Kagame Commits More Troops, Equipment For UN Peacekeeping

President Paul Kagame addressing the Leaders Summit on Peace Operations in US
President Paul Kagame addressing the Leaders Summit on Peace Operations in US

President Paul Kagame of Rwanda has announced extra support to peace keeping operations around the world – this time including an all-female police force.

Rwanda will contribute additional 1600 troops, two attack helicopters, a Level Two Hospital and an-all female police unit, said Kagame on Monday at the UN Leaders Summit on Peace Operations.

This pledge is an addition to over 4500 uniformed men and women Rwanda maintains in different peacekeeping missions. Rwandan troops are operating in troubled Central African Republic, Sudanese region of Darfur, Haiti and South Sudan.

At the summit hosted by US president Barack Obama, more than 50 countries stepped up and promised to contribute 30,000 new troops and police for peace missions.

UN has more than 100,000 troops and police, deployed on four continents, in often difficult conditions but the summit is asking for more.

“All of us – including those seemingly with limited resources/capacities, have meaningful contributions to make,” Kagame told the summit in New York on Monday evening.

He expressed concern over the appalling levels of abuse by peacekeepers saying “surge of abuse by peacekeepers as pointing to a deeper culture of impunity.”

The UN Secretary General Ban Ki-moon told the summit that the main needs for UN Peacekeeping included: predictability, effectiveness, qualified, reliability, accountability and more.

The UN chief’s efforts aim at achieving zero tolerance policy against ‘abusive peacekeepers’.

Ban Ki-moon warned 124 countries that contribute troops and police to UN peace missions that he was ready to throw out entire peacekeeping units if their country fails to take action against soldiers accused of sexual abuse, according to reports.

Kagame noted that peacekeeping loses its meaning and relevance if there is no good relationship of trust between the protector and the protected.

“The lesson for us is that earning and keeping that trust and inspiring confidence has to be the priority,” he said adding; “Peacekeepers must not compound the problems on the ground as evidence has shown with the surge of different forms of abuse.”

President Kagame also said that effective peacekeeping requires clear mandates and shared norms as detailed in Kigali Principles on the Protection of Civilians.

For his part, President Obama said there is need to fix issues of abuse by peacekeepers saying that the current guidelines on civilian protection are unevenly implemented.

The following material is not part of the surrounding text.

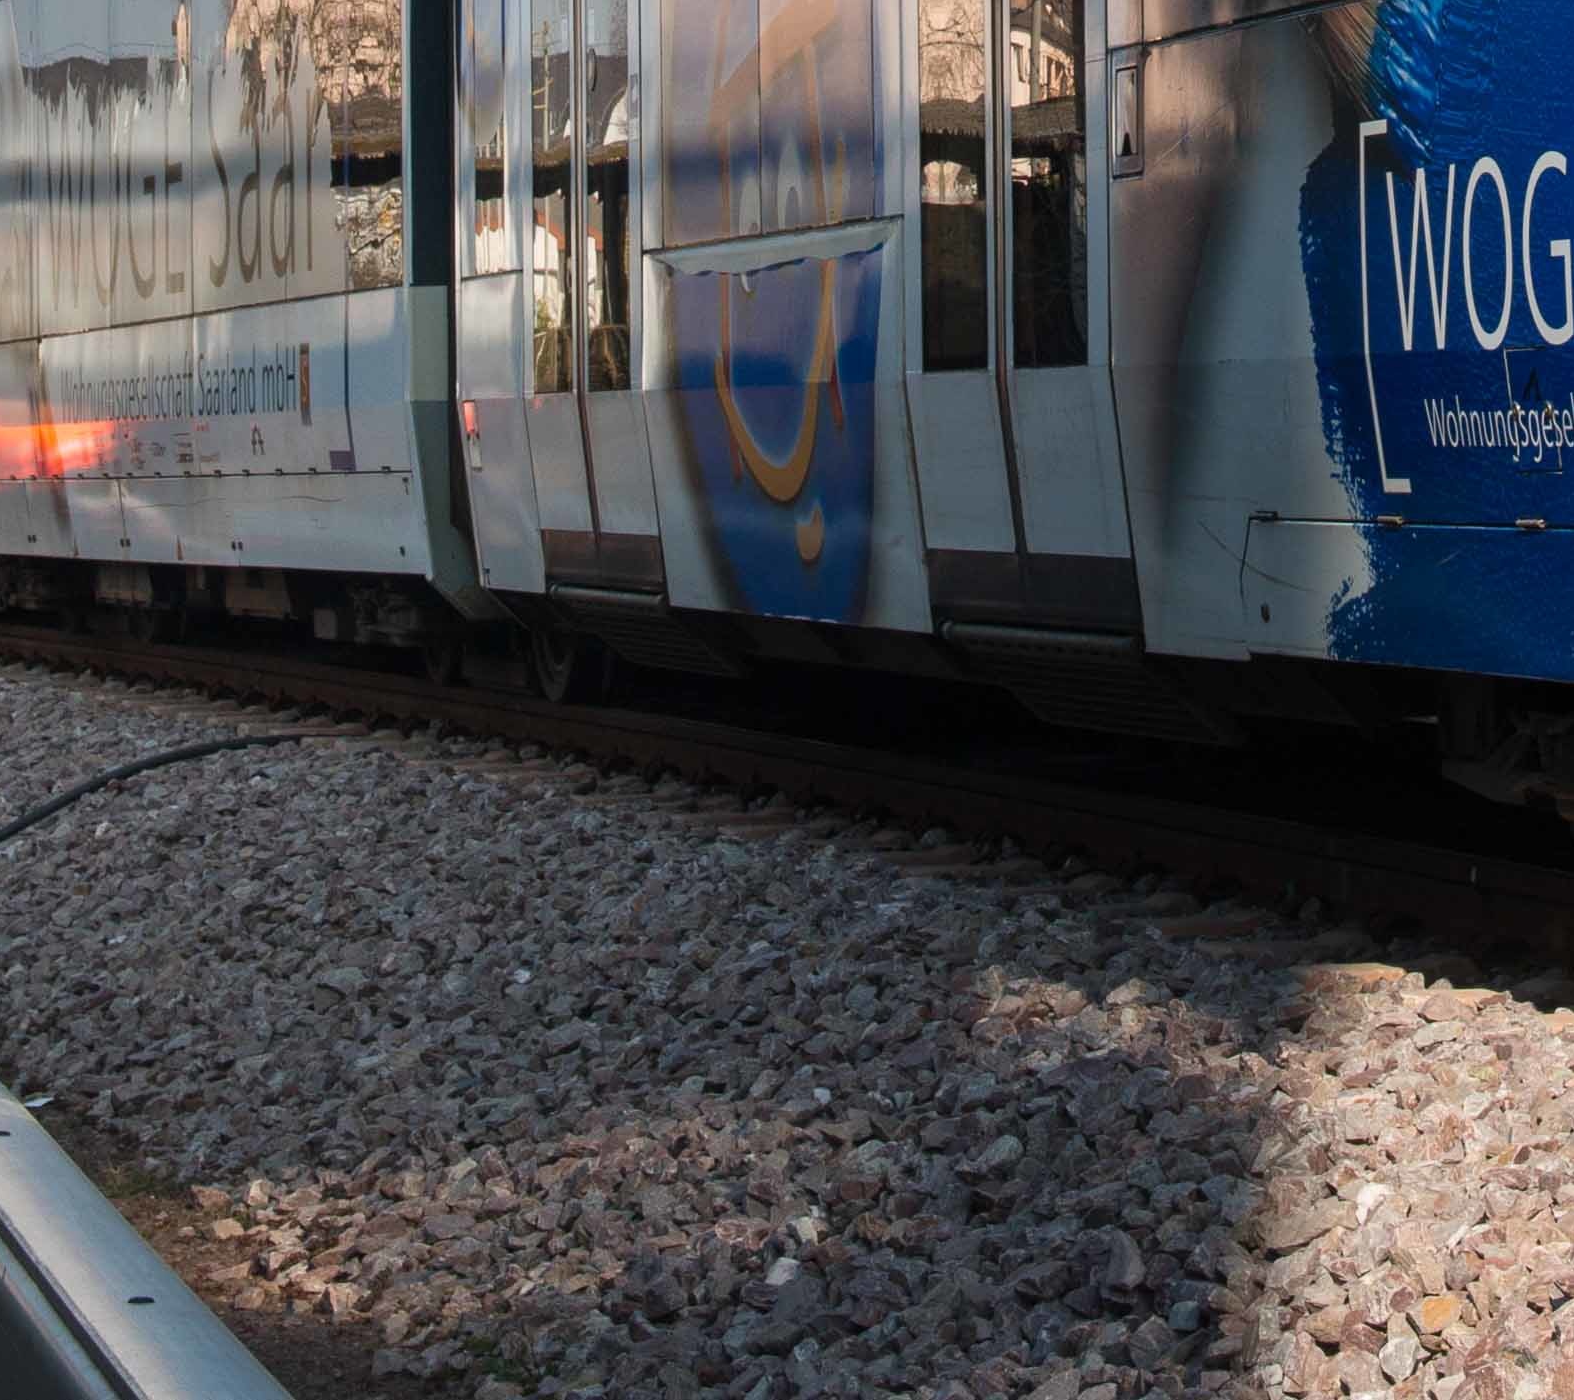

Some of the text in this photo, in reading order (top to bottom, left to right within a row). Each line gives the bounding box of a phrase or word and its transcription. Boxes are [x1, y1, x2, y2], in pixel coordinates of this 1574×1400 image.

Meanwhile, UN Secretary General called for full participation of women in peace and security measures, “We must promote full participation of women in peace and security measures,” he said.

The summit provided a boost to the UN, which has been struggling to persuade countries to contribute their soldiers to peace operations.

Some of Rwanda troops ready for deployment on a Peace Keeping mission in Central African Republic
Some of Rwanda troops ready for deployment on a Peace Keeping mission in Central African Republic

New Contributions

China pledged 8,000 troops to UN Peacekeeping and $100 million to support the AU African Standby Force including; training, de-mining, engineering, medical, transport, police support.

Rwanda pledged 2 attack helicopters, level 2 hospital, all-female Formed Police Unit & 1600 troops to the UN Peacekeeping Force.

Uruguay pledged 2000 troops, aircraft, K-9 platoon for explosives, training and 12 naval vessels.

Bangladesh pledged infantry battalions, utility helicopters, engineering & riverine units, level 2 hospital, police units and offer training.

The Netherlands pledged to support protection of civilians training, intelligence capabilities & funding for planning.

Pakistan pledged infantry battalions, K-9 unit, UAV, field hospitals, transport, aviation and maintenance facilities.

Indonesia pledged 2700 troops, police in 9 missions, and training, composite battalion to United Nations-African Union Mission in Darfur by end of year.

The UK Mission to the United Nations pledged 70 specialised troops in support of African Union Mission In Somalia, up to 300 troops for UN Mission in South Sudan.

India pledged 850 troops in existing or new operations; additional 03 Police units with higher representation of female peacekeepers; commitment to provide critical enablers; deployment of technical personnel in UN missions.